Secondo la Corte, inoltre, non è corretto sostenere che Turetta abbia agito in preda all’emotività solo perché ha colpito Cecchettin con una serie rapida e indiscriminata di colpi. Questa versione – scrivono i giudici – è incompatibile «con il fatto che Turetta abbia reiterato l’aggressione, portando a termine l’omicidio, dopo venti minuti dalla prima aggressione». Insomma, per la Corte d’assise Turetta non ha agito in un raptus, ma con lucidità, freddezza e determinazione.
Gino Cecchettin, padre di Giulia, nell’aula d’assise del Tribunale di Venezia, per la prima udienza a carico di Filippo Turetta, il 23 settembre 2024 – ANSA/ANDREA MEROLA
Gino Cecchettin, padre di Giulia, nell’aula d’assise del Tribunale di Venezia, per la prima udienza a carico di Filippo Turetta, il 23 settembre 2024 – ANSA/ANDREA MEROLA

Gli atti persecutori

Infine, la Corte ha riconosciuto che Turetta ha avuto un atteggiamento ossessivo e persecutorio nei confronti di Cecchettin, ma non ha riconosciuto l’aggravante degli atti persecutori, noti anche come stalking. Il codice penale punisce chi, ripetutamente, «minaccia o molesta» una persona, provocandole «un perdurante e grave stato di ansia o di paura», oppure costringendola «ad alterare le proprie abitudini di vita». Basta uno di questi elementi – non necessariamente tutti – per configurare il reato di stalking.

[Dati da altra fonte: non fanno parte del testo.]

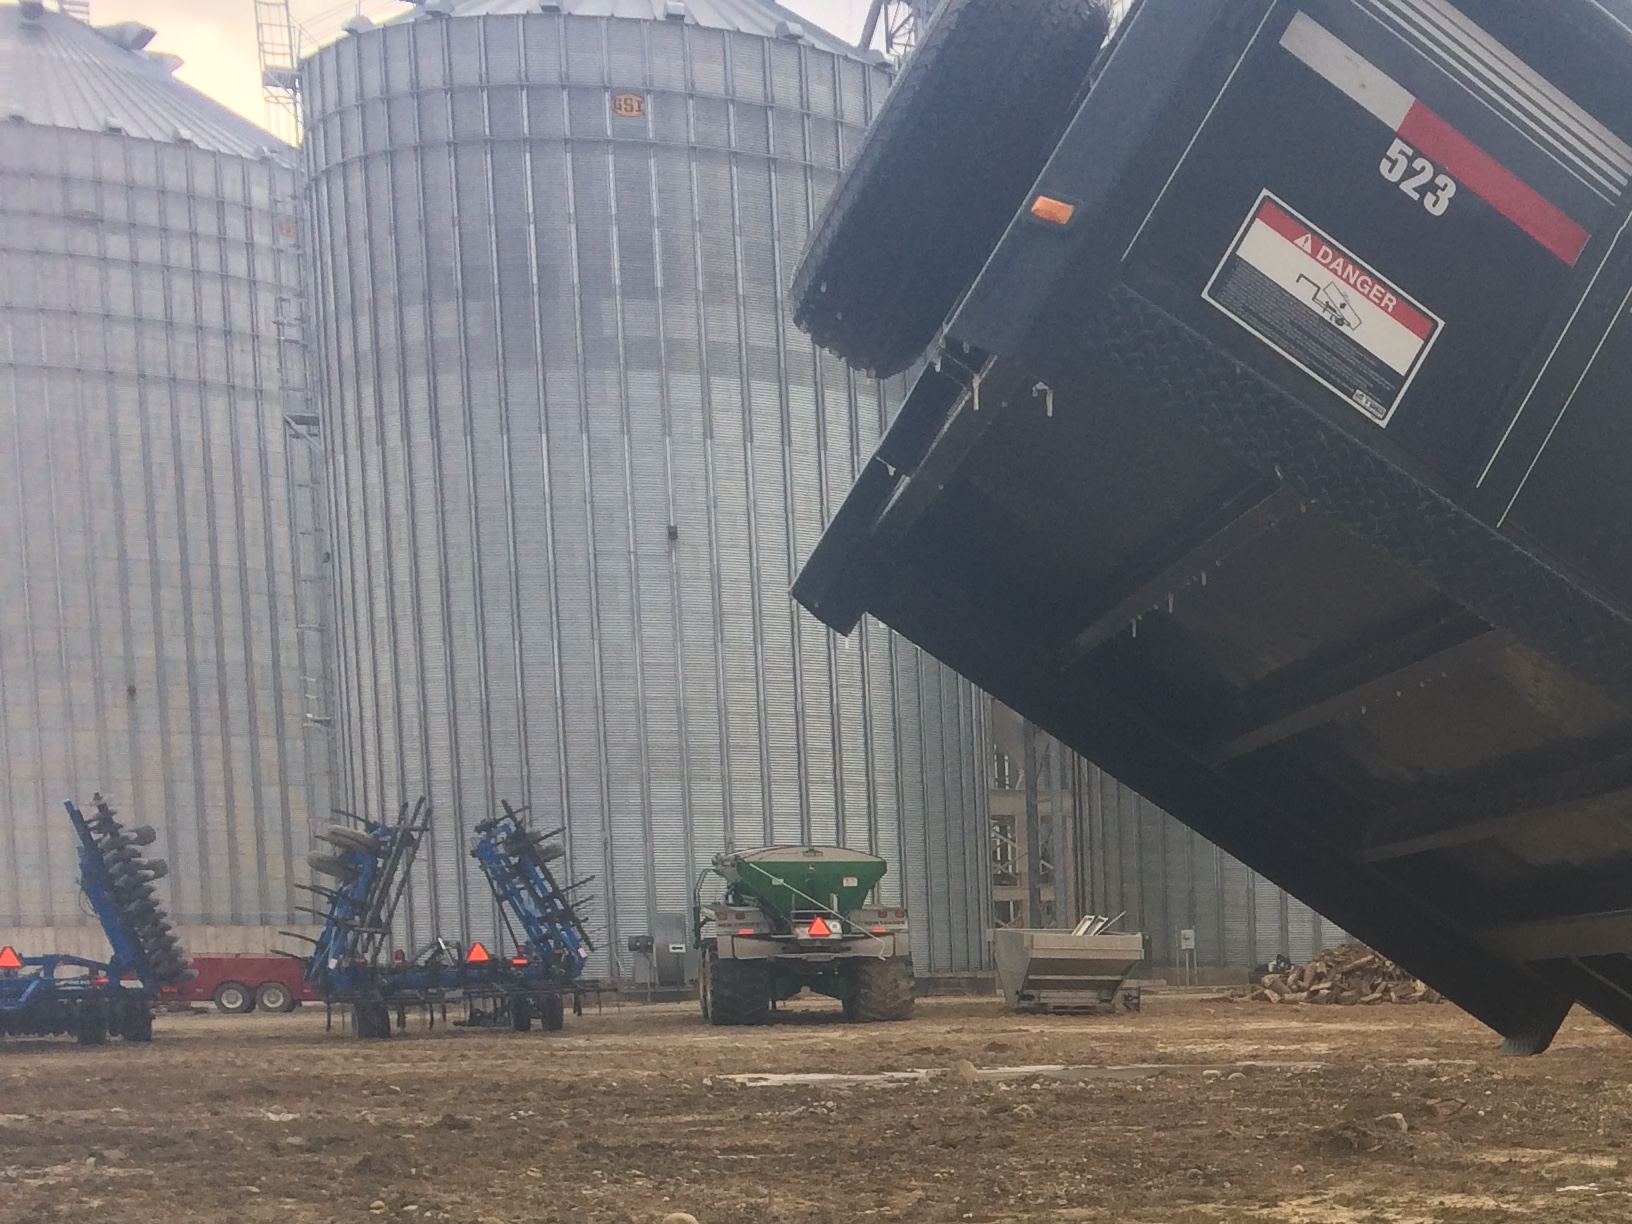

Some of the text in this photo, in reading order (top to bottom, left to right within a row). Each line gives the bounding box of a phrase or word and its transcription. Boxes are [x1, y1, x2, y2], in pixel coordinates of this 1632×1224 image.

[613, 97, 645, 113] GSI
[1379, 137, 1457, 217] 523
[1316, 245, 1397, 313] DANGER

Nel caso di Turetta, i giudici hanno scritto che Cecchettin «non aveva paura» di lui. Hanno comunque sottolineato che «ognuno ha una sensibilità sua propria di cui si deve tenere conto» nella valutazione della persecutorietà degli atti, e che le «condotte» di Turetta erano «oggettivamente moleste, prepotenti e vessatorie».

A sostegno di questa conclusione, i giudici hanno citato: le dichiarazioni del padre della vittima, Gino Cecchettin, che «non aveva percepito alcun disagio in Giulia»; le conversazioni nelle chat, «da cui emerge che Giulia, pur avendo capito che Turetta era ossessionato da lei, fosse del tutto inconsapevole della pericolosità dello stesso e non provasse alcun timore»; e infine la circostanza che «fosse stata Giulia stessa a prendere l’iniziativa di proporre al Turetta di accompagnarla a fare acquisti per il giorno della laurea, non solo ignorandone la capacità criminale ma nella totale assenza di qualsivoglia sospetto circa il proposito che questi aveva maturato».

Dunque, il caso Turetta mostra quanto possa essere difficile, in vicende di questo tipo, far coincidere la valutazione giuridica con la percezione pubblica della violenza. La Corte d’assise ha escluso l’aggravante della crudeltà non perché abbia minimizzato la gravità dell’omicidio, ma perché, secondo i giudici, non sono emersi elementi che provino un accanimento gratuito e intenzionale. Allo stesso modo, l’aggravante dello stalking non è stata riconosciuta perché Giulia Cecchettin, pur subendo comportamenti ossessivi e vessatori, non avrebbe manifestato un timore persistente verso Turetta.